(Exercise details):
Transcribe the entries that follow exactly as they appear, minus pictures.

(Dataset entries)
━━━━━━━━

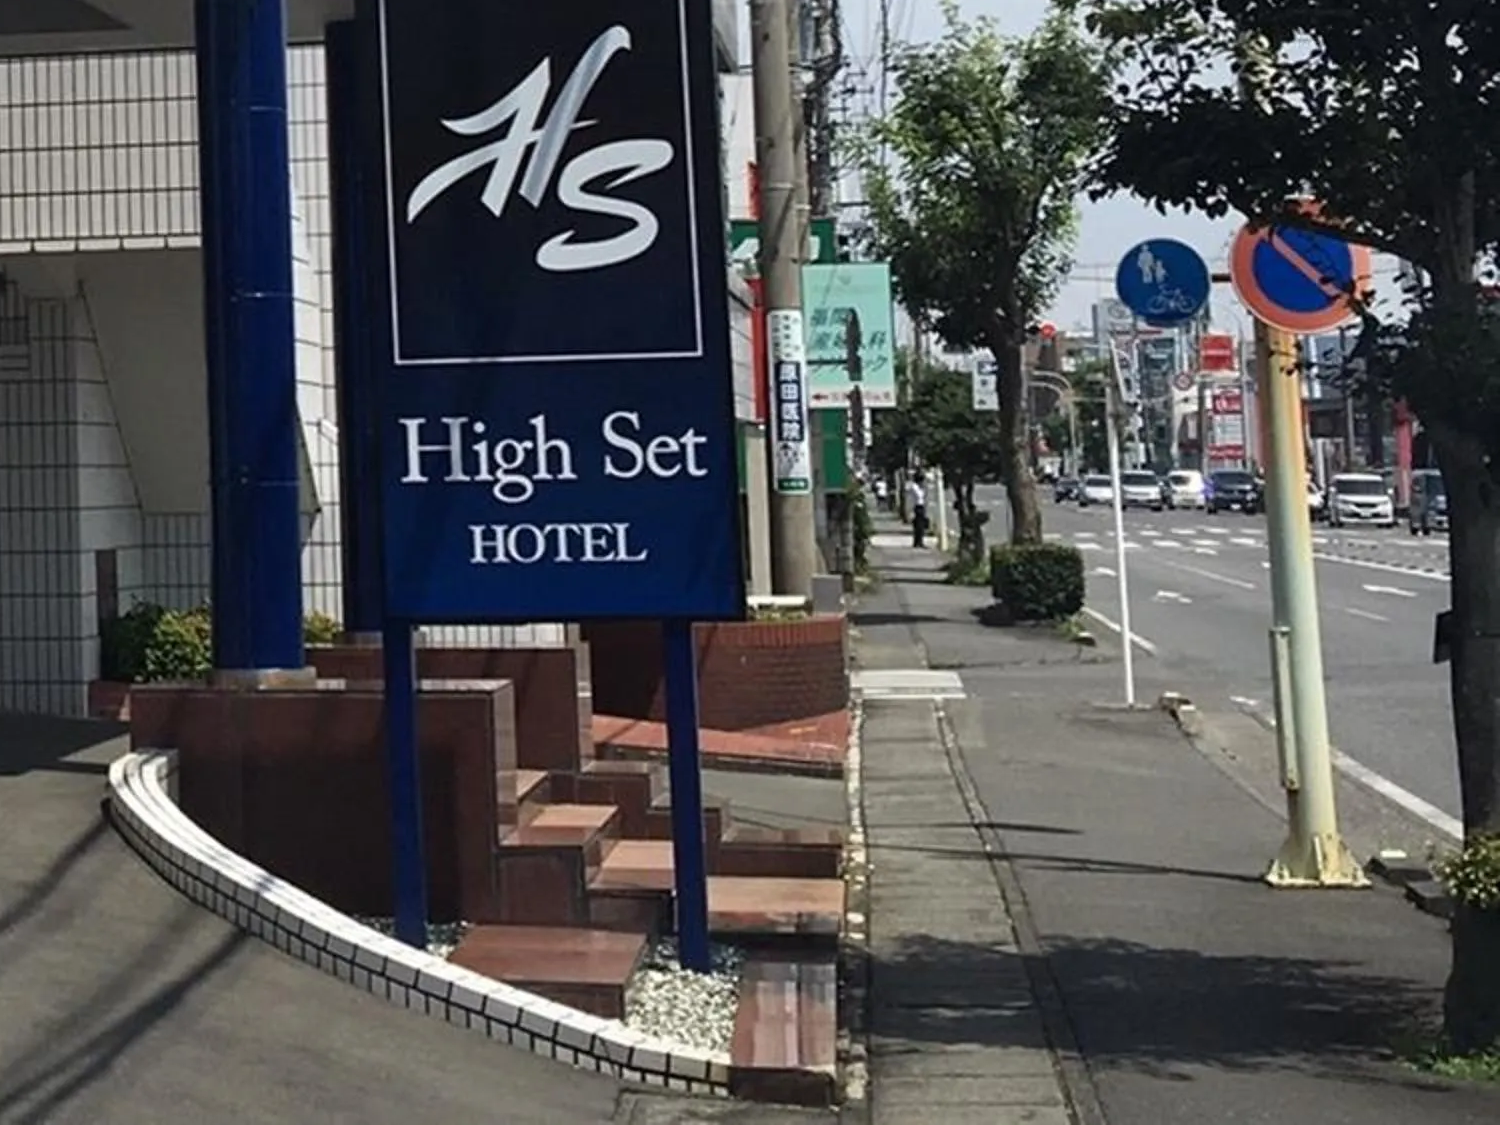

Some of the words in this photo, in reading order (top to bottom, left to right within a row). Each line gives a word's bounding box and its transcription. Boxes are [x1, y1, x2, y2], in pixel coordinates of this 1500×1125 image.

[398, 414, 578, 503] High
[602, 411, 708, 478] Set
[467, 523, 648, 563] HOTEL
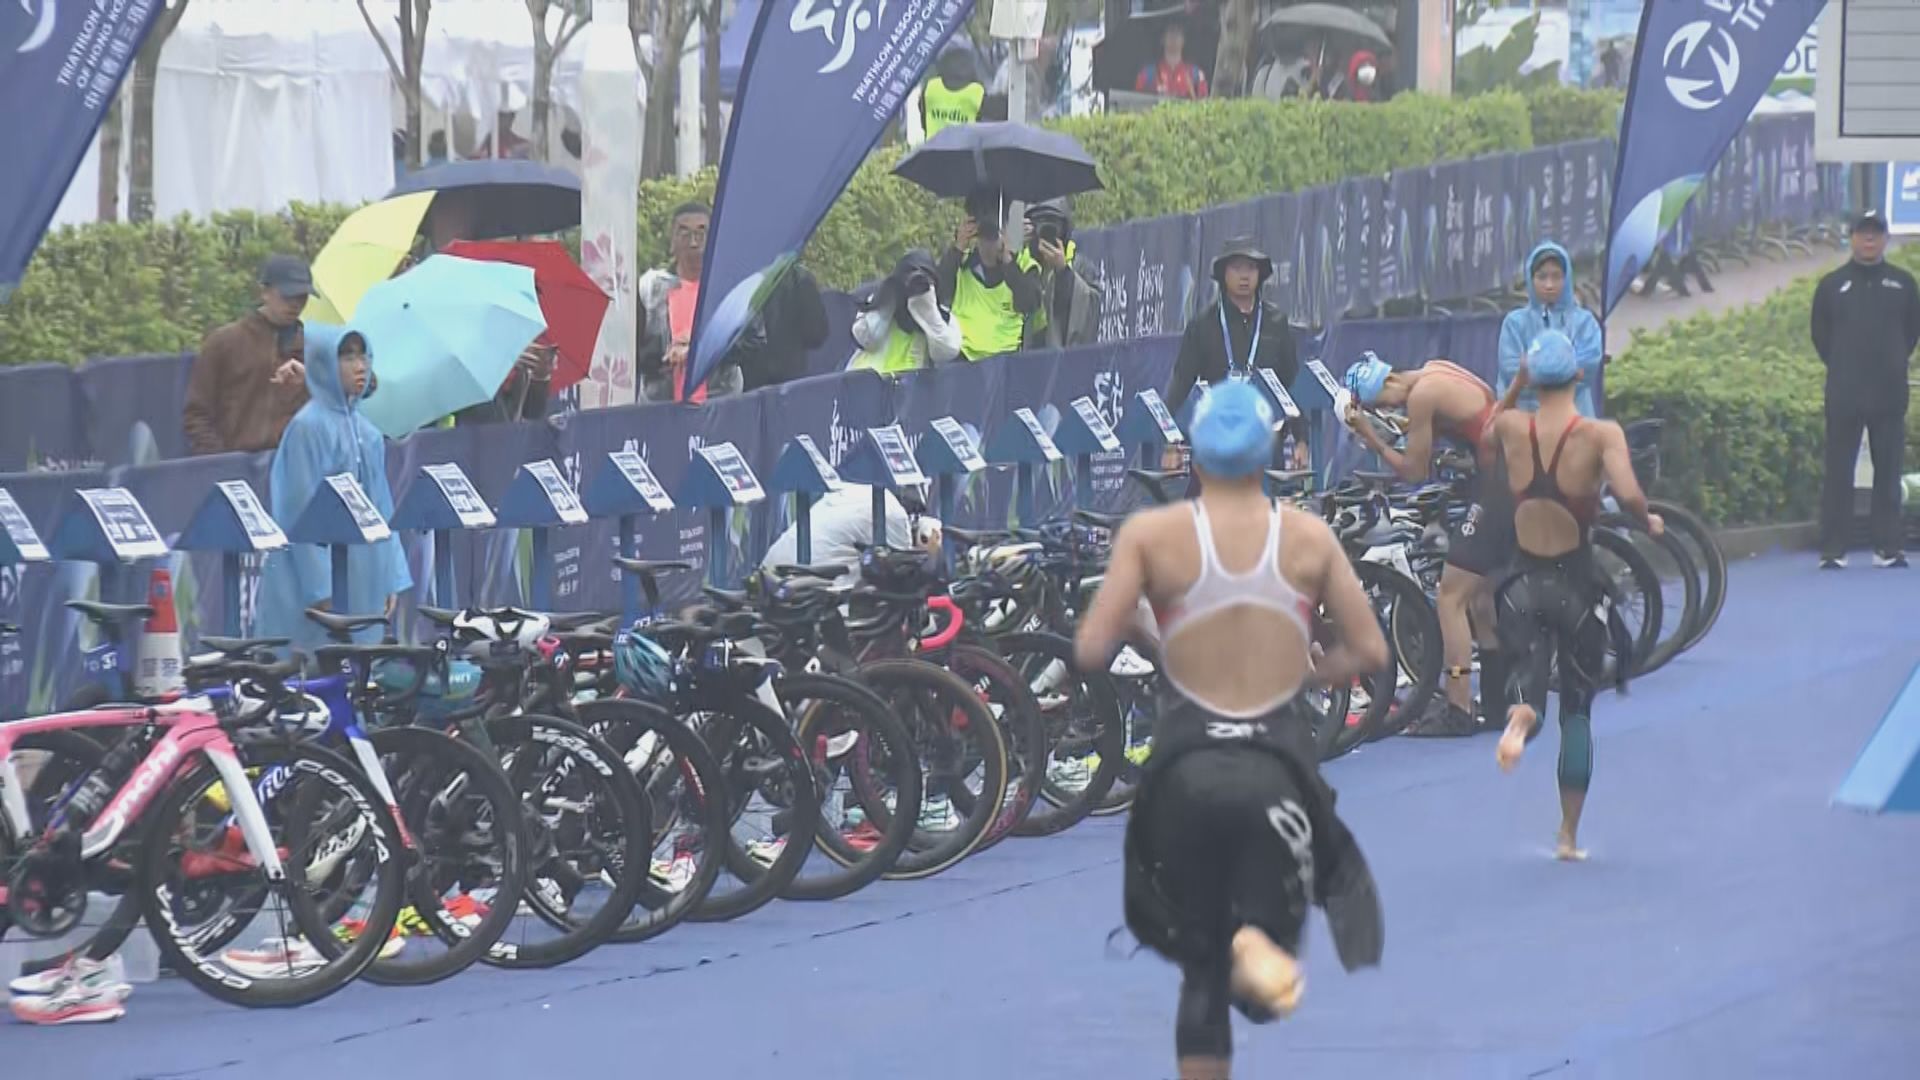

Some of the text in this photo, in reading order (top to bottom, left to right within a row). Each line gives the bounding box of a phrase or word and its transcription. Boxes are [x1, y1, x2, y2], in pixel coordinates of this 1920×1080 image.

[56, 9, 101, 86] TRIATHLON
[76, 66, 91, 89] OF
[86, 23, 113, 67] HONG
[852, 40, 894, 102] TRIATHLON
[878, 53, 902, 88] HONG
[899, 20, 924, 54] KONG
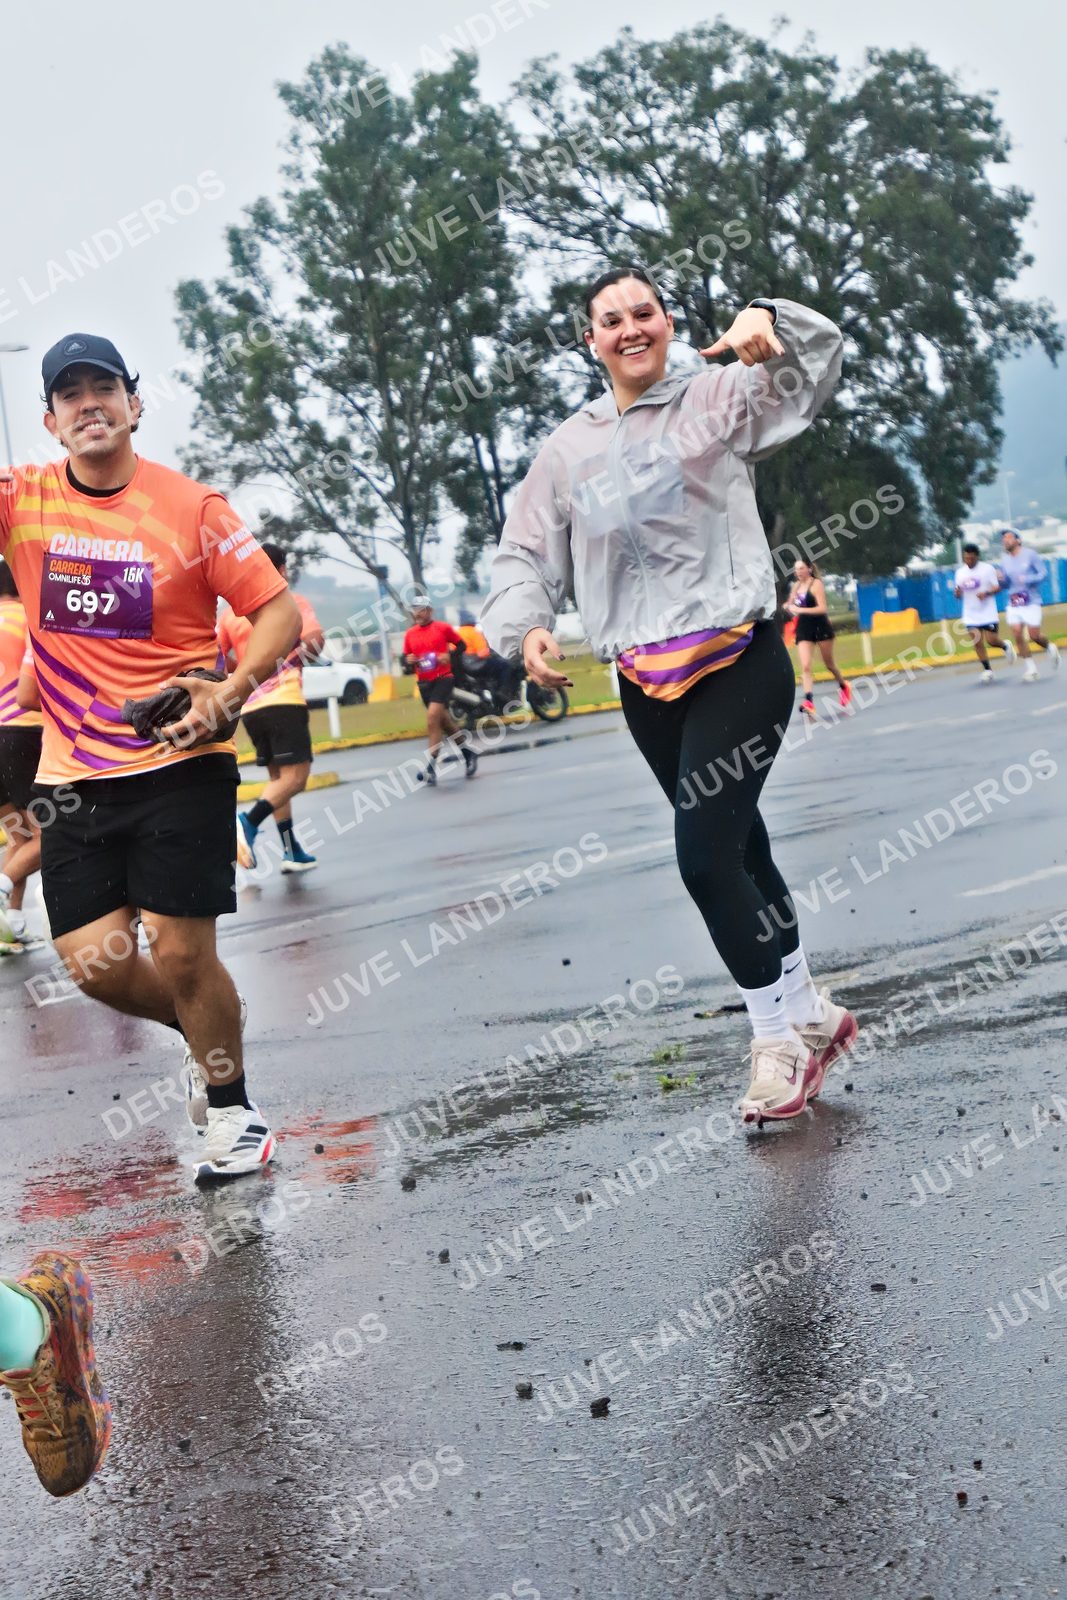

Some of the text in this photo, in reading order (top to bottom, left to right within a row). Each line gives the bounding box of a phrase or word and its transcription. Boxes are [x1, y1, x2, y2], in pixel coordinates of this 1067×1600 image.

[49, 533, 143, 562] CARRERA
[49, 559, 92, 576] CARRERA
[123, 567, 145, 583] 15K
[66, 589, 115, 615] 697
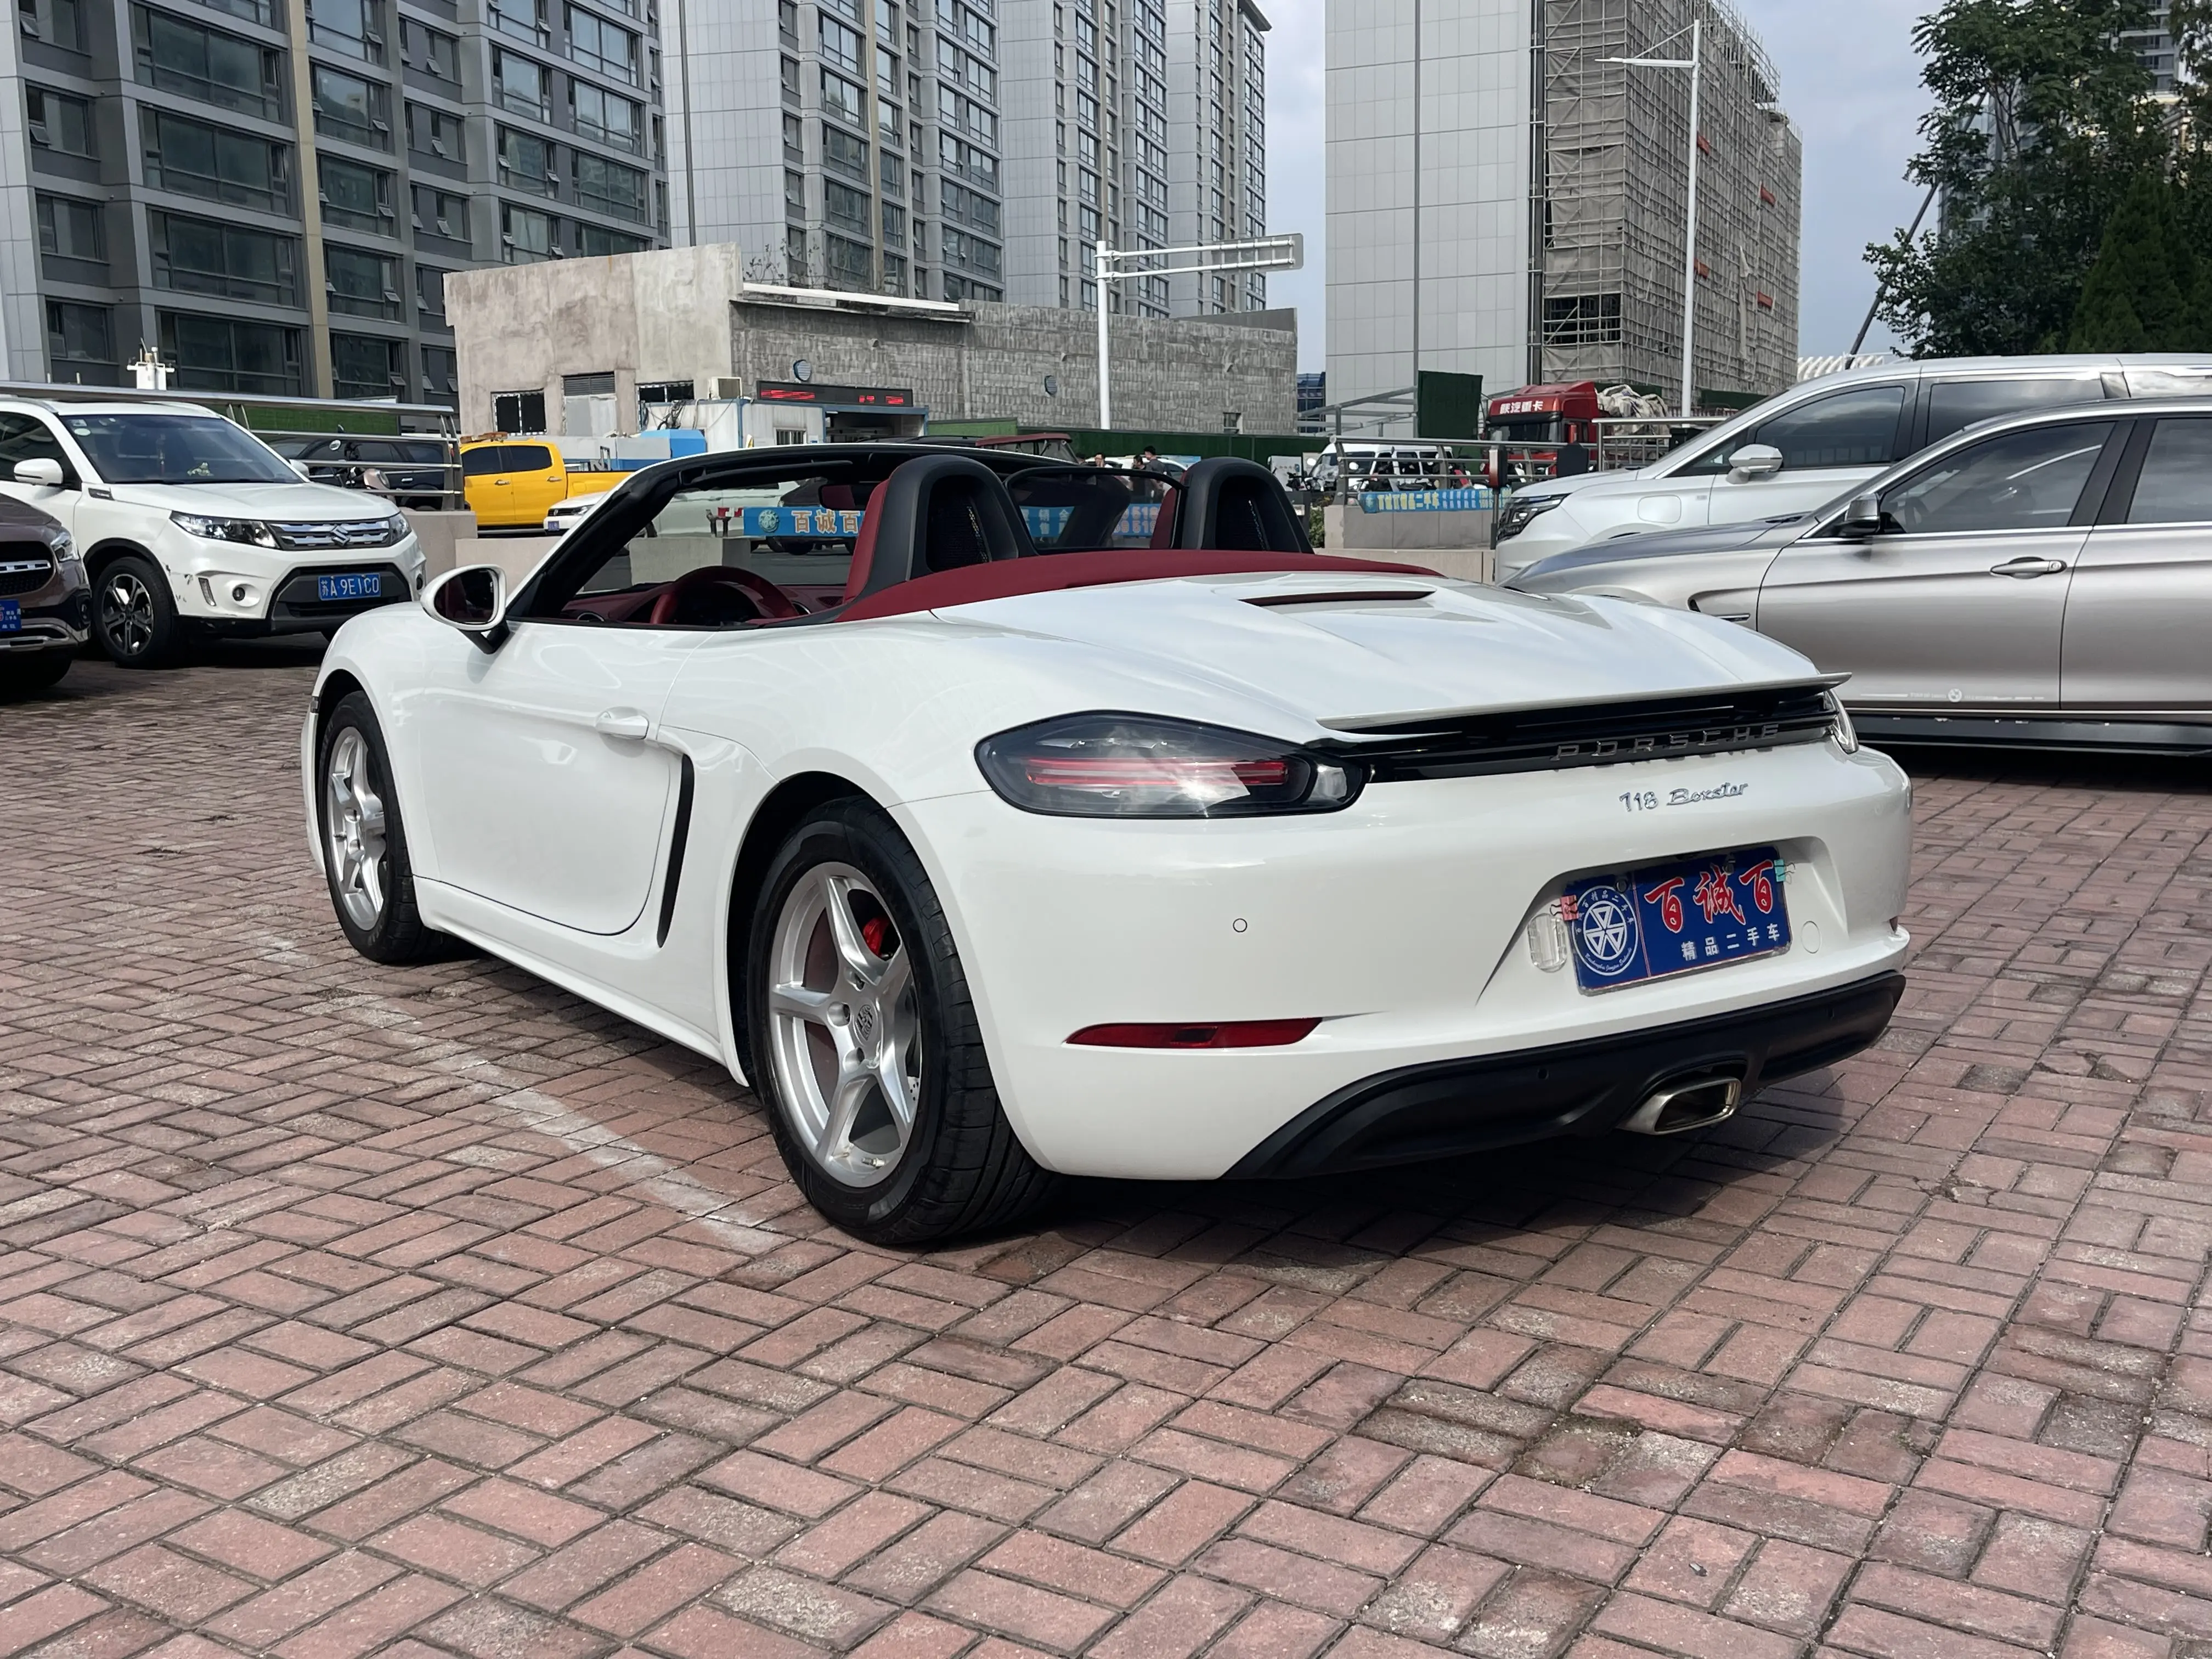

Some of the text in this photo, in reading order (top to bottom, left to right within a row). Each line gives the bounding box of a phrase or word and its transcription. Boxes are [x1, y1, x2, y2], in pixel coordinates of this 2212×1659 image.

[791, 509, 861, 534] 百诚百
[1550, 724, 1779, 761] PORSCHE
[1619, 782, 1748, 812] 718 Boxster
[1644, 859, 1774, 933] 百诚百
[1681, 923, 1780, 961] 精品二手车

━━━━━━━━

(Output for this task):
Some of the words in this photo, in reading order (top to bottom, left to right within a row). Each line gives a word's bounding box and its transcription. Boxes are [x1, y1, x2, y2], in pixel coordinates of this 1500×1125 image.

[398, 414, 578, 503] High
[602, 411, 708, 478] Set
[467, 523, 648, 563] HOTEL

Some of the text in this photo, in reading order (top to bottom, left to right within a row). Each line gives the bounding box of a phrase or word and its transcription. Boxes are [x1, y1, x2, y2], in pixel coordinates of this 1920×1080 image.

[56, 9, 101, 86] TRIATHLON
[76, 66, 91, 89] OF
[86, 23, 113, 67] HONG
[852, 40, 894, 102] TRIATHLON
[878, 53, 902, 88] HONG
[899, 20, 924, 54] KONG

Some of the text in this photo, in reading order (top to bottom, left to right within a row). Each line gives the bounding box of a phrase or word and its transcription. Boxes are [x1, y1, x2, y2], in pixel coordinates of this 1067×1600 image.

[49, 533, 143, 562] CARRERA
[49, 559, 92, 576] CARRERA
[123, 567, 145, 583] 15K
[66, 589, 115, 615] 697

Some of the text in this photo, in reading order (top to bottom, left to right within a row). Each line gives the bounding box of a phrase or word and its transcription. Boxes are [x1, y1, x2, y2], in pixel coordinates of this 2212×1659 image.

[791, 509, 861, 534] 百诚百
[1550, 724, 1779, 761] PORSCHE
[1619, 782, 1748, 812] 718 Boxster
[1644, 859, 1774, 933] 百诚百
[1681, 923, 1780, 961] 精品二手车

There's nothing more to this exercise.